A second mythical huntress and sportswoman was Cyrene, whose story is told by Pindar:[3]

She did not care for pacing back and forth at the loom, nor for the delights of luncheons with her stay-at-home companions; instead, fighting with bronze javelins and with a sword, she killed wild beasts, providing great restful peace for her father’s cattle; but as for her sweet bed-fellow, sleep, she spent only a little of it on her eyelids as it fell on them towards dawn. Once the god of the broad quiver, Apollo who works from afar, came upon her wrestling alone and without spears with a terrible lion. Immediately he called Cheiron from out of his halls and spoke to him: “Leave your sacred cave, son of Philyra, and marvel at the spirit and great strength of this woman; look at what a struggle she is engaged in, with a fearless head, this young girl with a heart more than equal to any toil; her mind is not shaken with the cold wind of fear. From what mortal was she born? From what stock has this cutting been taken, that she should be living in the hollows of the shady mountains and putting to the test her boundless valor? Is it lawful to lay my renowned hand on her? And to cut the honey-sweet grass of her bed?” 

Cheiron approved the union and continued with a prophecy:

You came to this glen to be her husband, and you will bear her over the sea to the choicest garden of Zeus, where you will make her the ruler of a city, when you have gathered the island-people to the hill encircled by plains. And now queen Libya of the broad meadows will gladly welcome your glorious bride in her golden halls. There she will right away give her a portion of land to flourish with her as her lawful possession, not without tribute of all kinds of fruit, nor unfamiliar with wild animals. 

Joel Christensen[4] commented on this story:

This story is really exceptional in Greek myth and history  . . . here we have a female beast-slayer who follows the classic pattern of killing a monster and gaining a kingdom.

Mosaic of Cyrene
Cyrene

Callimachus also said that Cyrene, who was Hypseus’ daughter, took part in Pelias’ funeral games at Iolcos, and won a hunting contest. Challimachus’s writing was in a hymn to Artemis, who was often depicted with animals and was the goddess of hunting. Challimachus  described (in one translation) Cyrene as a comrade to Artemis:

Yea and Cyrene thou madest thy comrade, to whom on a time thyself didst give two hunting dogs, with whom the maiden daughter of Hypseus beside the Iolcian tomb won the prize.[5]

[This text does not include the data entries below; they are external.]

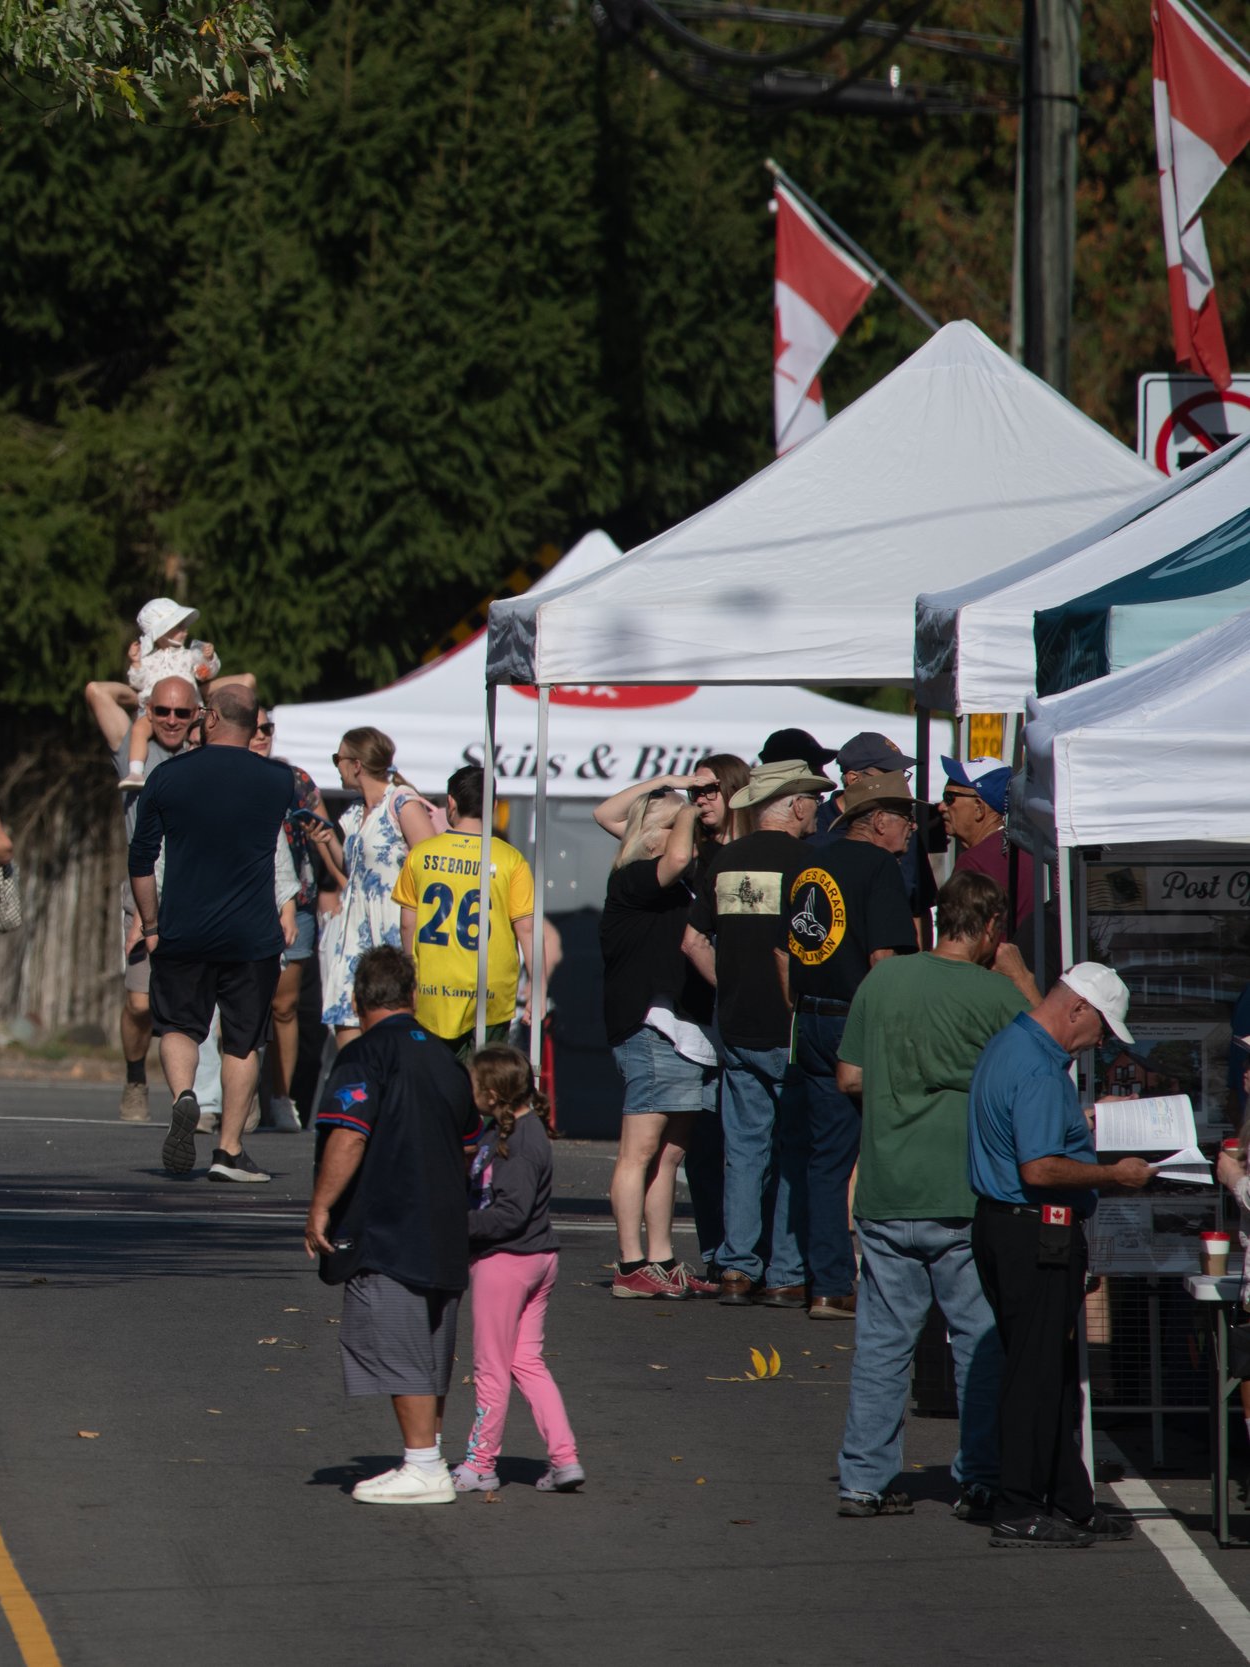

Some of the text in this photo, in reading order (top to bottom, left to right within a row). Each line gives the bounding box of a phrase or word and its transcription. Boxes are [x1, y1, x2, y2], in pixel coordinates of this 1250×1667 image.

[576, 743, 619, 779] &
[819, 873, 845, 928] GARAGE
[1161, 871, 1220, 899] Post
[418, 882, 492, 951] 26
[442, 985, 495, 999] Kampla
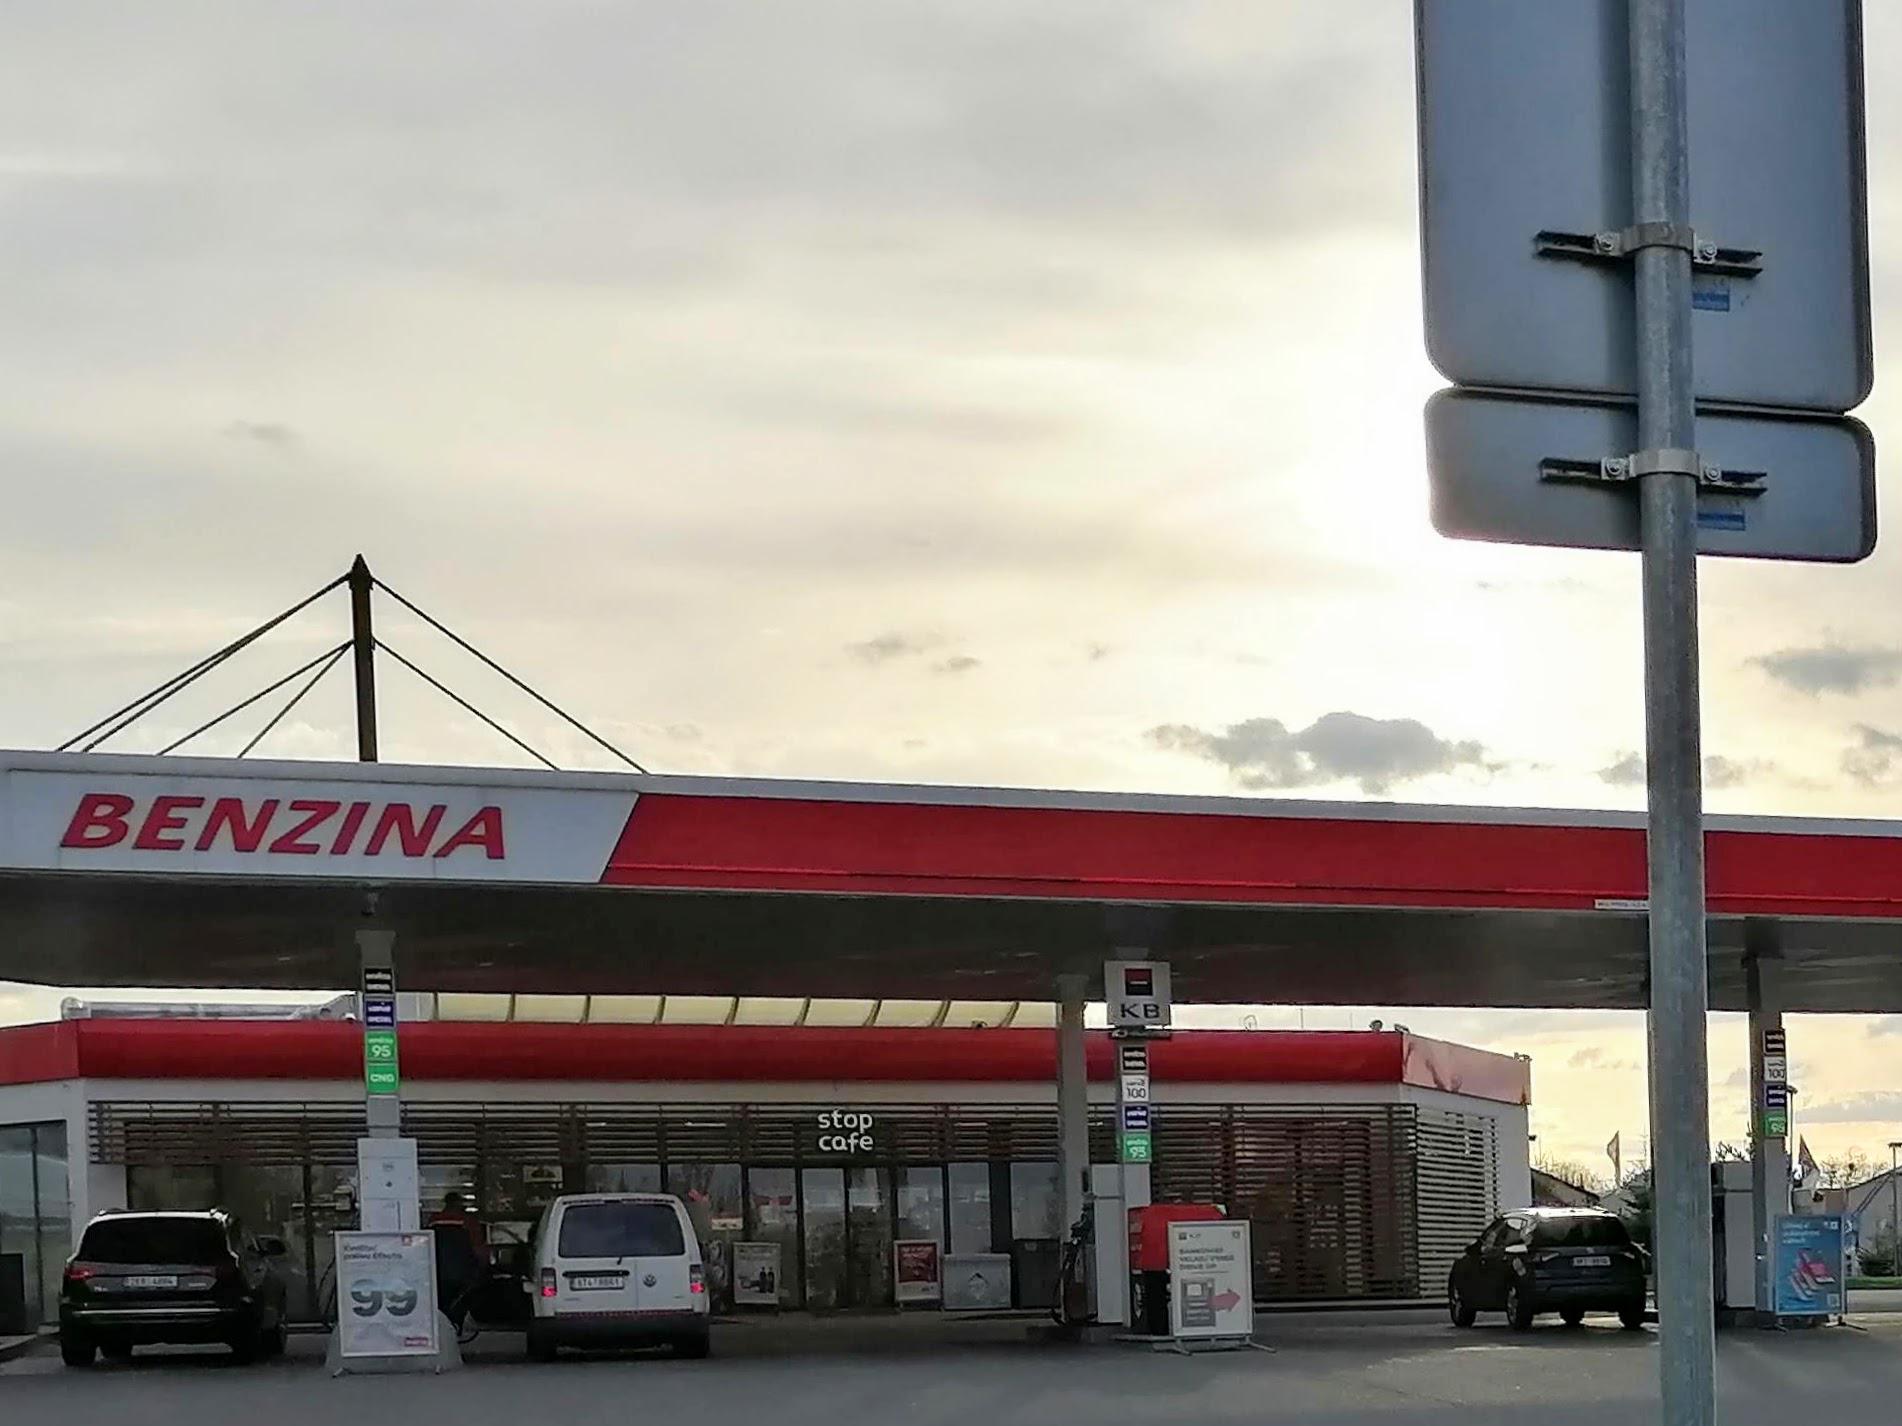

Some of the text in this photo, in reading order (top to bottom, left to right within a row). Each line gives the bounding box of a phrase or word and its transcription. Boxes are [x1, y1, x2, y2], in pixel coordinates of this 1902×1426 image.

[60, 793, 505, 859] BENZINA
[1121, 1003, 1159, 1018] KB
[371, 1044, 392, 1058] 95
[1126, 1087, 1146, 1099] 100
[818, 1110, 873, 1133] stop
[819, 1132, 873, 1154] cafe
[1130, 1146, 1147, 1158] 95
[351, 1278, 418, 1317] 99

Atalanta and Cyrene, then, were hunters and athletes. The Iliad tells of another role for women in games, in this case, as prizes in Patroclus’ funeral games. Homer describes Achilles as preparing prizes for the games:

from his ships brought forth prizes; cauldrons and tripods and horses and mules and strong oxen and fair-girdled women and grey iron.[6]

And, later:

Then the son of Peleus forthwith ordained in the sight of the Danaans other prizes for a third contest, even for toilsome wrestling — for him that should win, a great tripod to stand upon the fire, that the Achaeans prized amongst them at the worth of twelve oxen; and for him that should be worsted he set in the midst a woman of manifold skill in handiwork, and they prized her at the worth of four oxen.[7]

Notwithstanding exemplars and role models of hunters and sportswomen from myth and the pantheon, women’s actual sporting activity was rarely reported in ancient times. A further Olympics post[8] reminds us of the games that took place in Minoan Crete. Surviving frescoes show young men boxing and young men and women leaping over bulls.[9] If anything more can be inferred from the frescoes about women, it is that they were spectators. Other physical activity may have included dancing, and one of my favourite images from Crete is the woman apparently dancing holding snakes, and with a cat on her head. There is, however, no suggestion that this was a competitive sport.

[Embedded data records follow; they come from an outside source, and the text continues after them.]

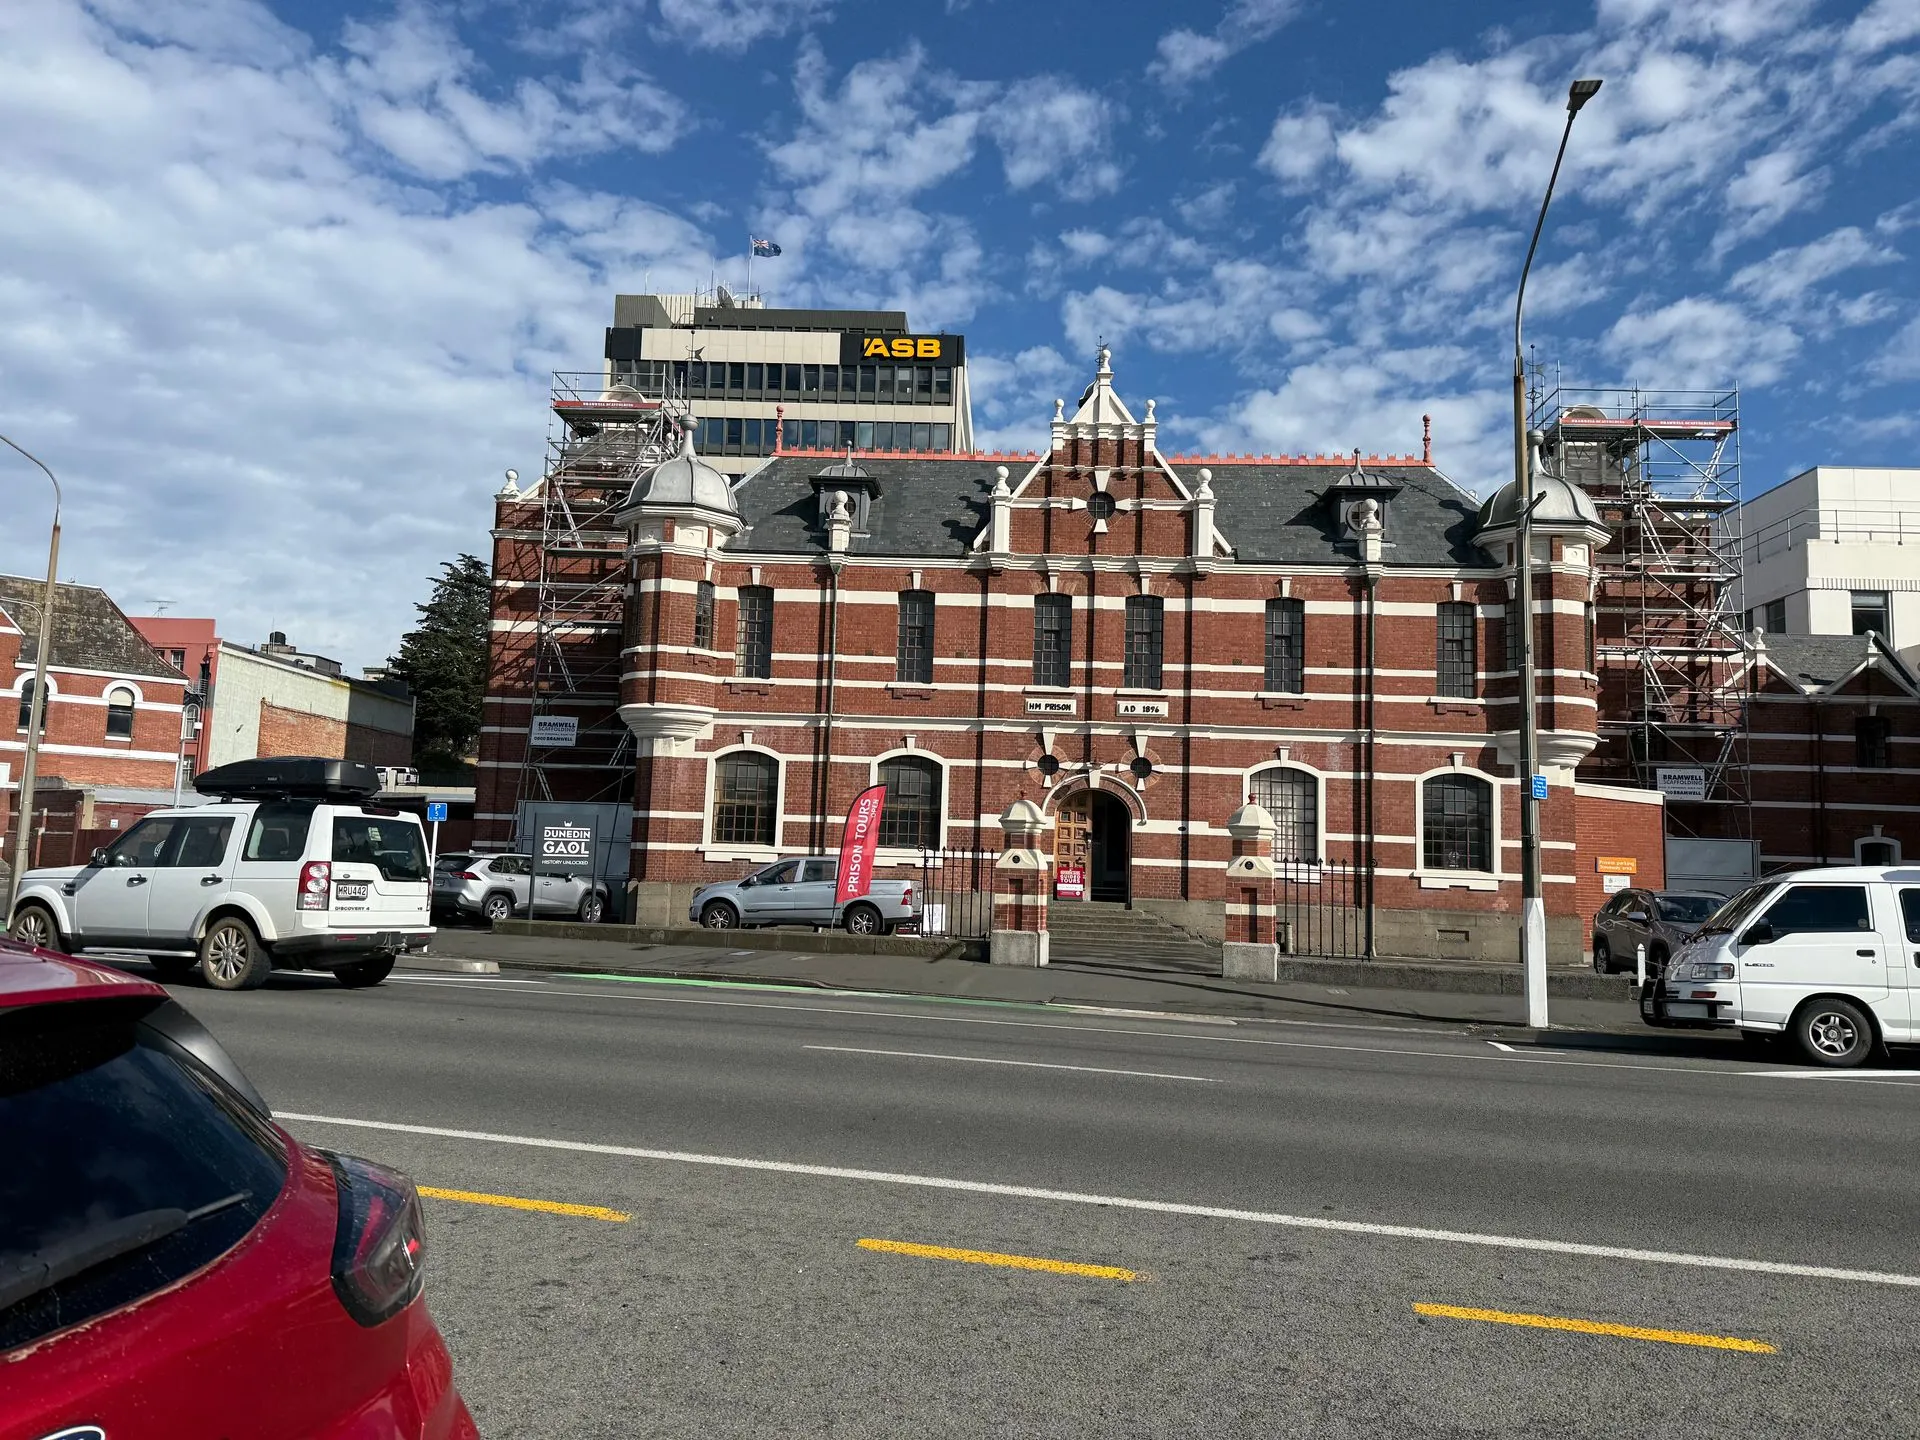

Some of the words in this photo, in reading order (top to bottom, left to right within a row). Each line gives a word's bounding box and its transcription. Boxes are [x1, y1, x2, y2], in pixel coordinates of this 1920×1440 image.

[864, 338, 941, 358] ASB
[1045, 703, 1071, 711] PRISON
[1123, 705, 1136, 713] AD
[1142, 705, 1160, 713] 1896
[870, 799, 879, 818] OPEN
[855, 799, 870, 839] TOURS
[544, 830, 590, 838] DUNEDIN
[543, 841, 589, 854] GAOL
[848, 845, 863, 892] PRISON
[338, 886, 366, 896] MRU442

Sculpture of Snake Goddess, a cat poised on her head
Cretan woman with cat

So, in myth women were hunters and athletes and prizes in men’s sports, one of them even worth four oxen. In ancient Crete they were spectators, but they were not even that in the ancient Olympic Games. In her post[10] Sarah explored Pindar’s <Olympian Odes, which made no mention of women competitors or spectators. Goddesses, muses and various female supernatural beings are invoked. Mothers are occasionally mentioned. Cities where athletes originated are cast as female. But there is no mention of women engaged in physical activity. 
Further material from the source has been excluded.